Segment Open
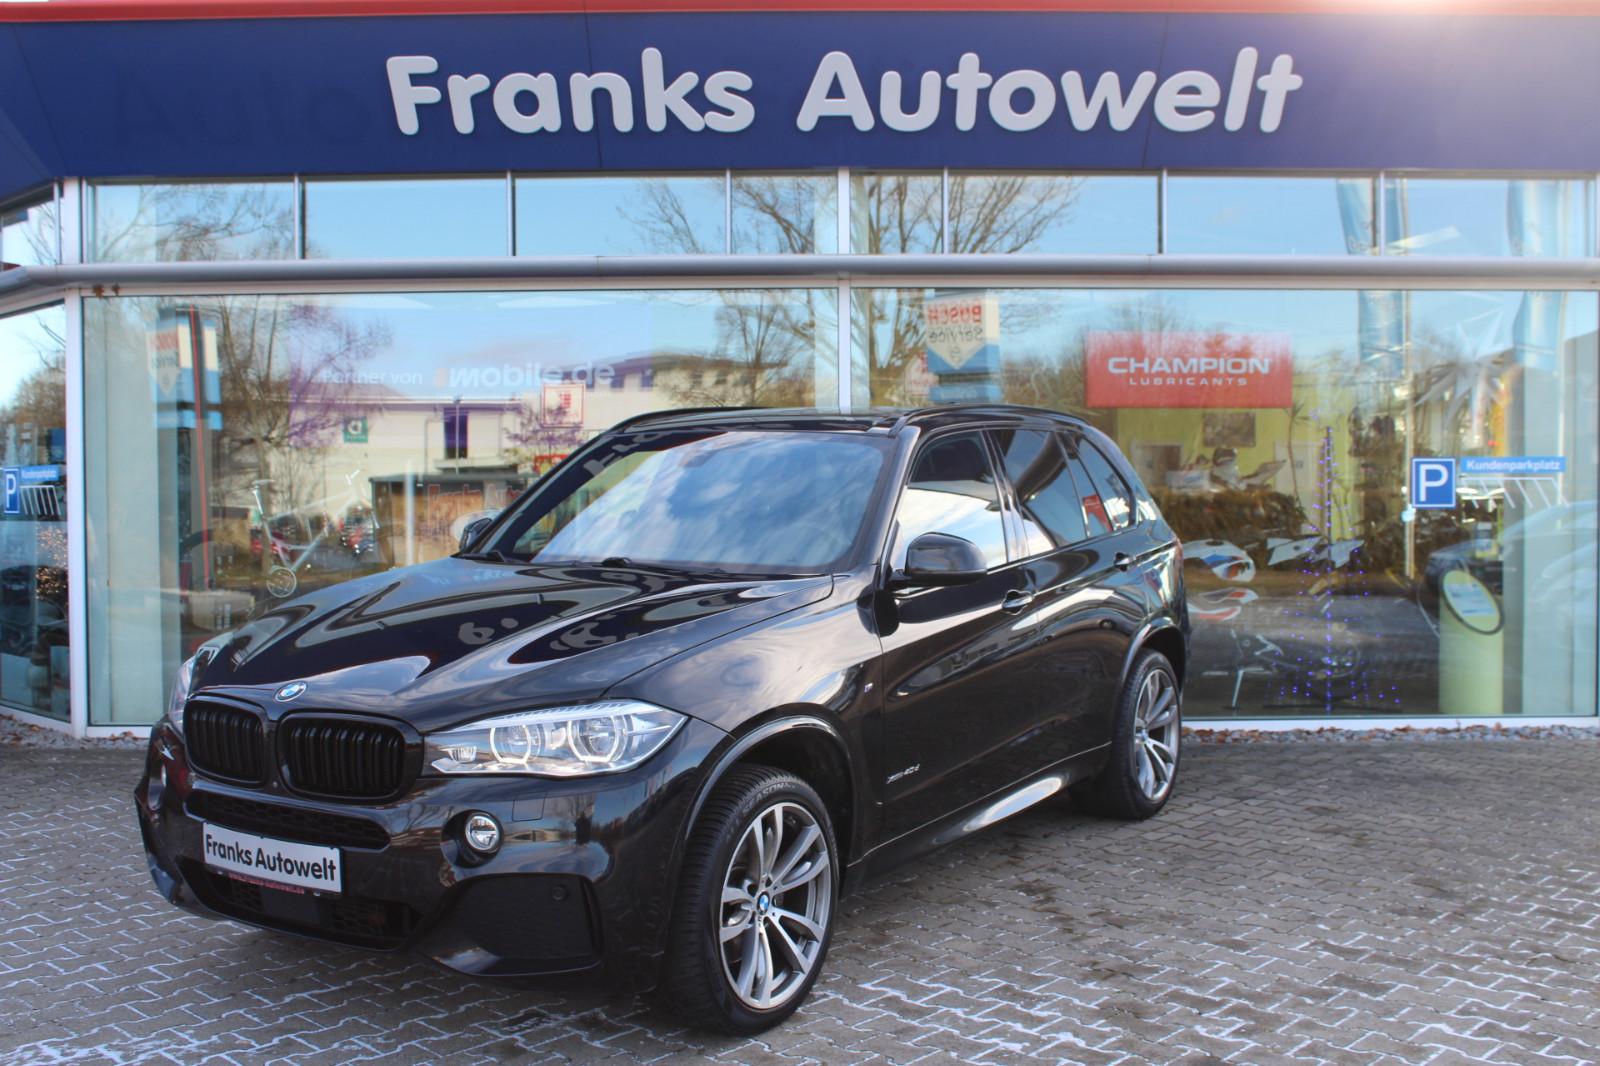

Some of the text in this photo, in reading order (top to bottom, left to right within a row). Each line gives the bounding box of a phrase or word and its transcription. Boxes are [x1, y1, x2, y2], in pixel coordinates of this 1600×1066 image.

[386, 46, 1303, 135] Franks Autowelt
[391, 371, 423, 385] von
[449, 360, 616, 387] mobile.de
[1107, 356, 1270, 374] CHAMPION
[1128, 377, 1248, 386] LUBRICANTS
[1466, 459, 1561, 471] Kundenparkplatz
[1419, 463, 1449, 502] P
[205, 833, 336, 881] Franks Autowelt
Segment Closed
What is expected =>
The whole listing above is to be repeated exactly, apart from its pictures.

Result of the task =>
Some of the text in this photo, in reading order (top to bottom, left to right within a row). Each line gives the bounding box of a phrase or word and its transcription. Boxes are [x1, y1, x2, y2], in pixel coordinates of this 1600×1066 image.

[386, 46, 1303, 135] Franks Autowelt
[391, 371, 423, 385] von
[449, 360, 616, 387] mobile.de
[1107, 356, 1270, 374] CHAMPION
[1128, 377, 1248, 386] LUBRICANTS
[1466, 459, 1561, 471] Kundenparkplatz
[1419, 463, 1449, 502] P
[205, 833, 336, 881] Franks Autowelt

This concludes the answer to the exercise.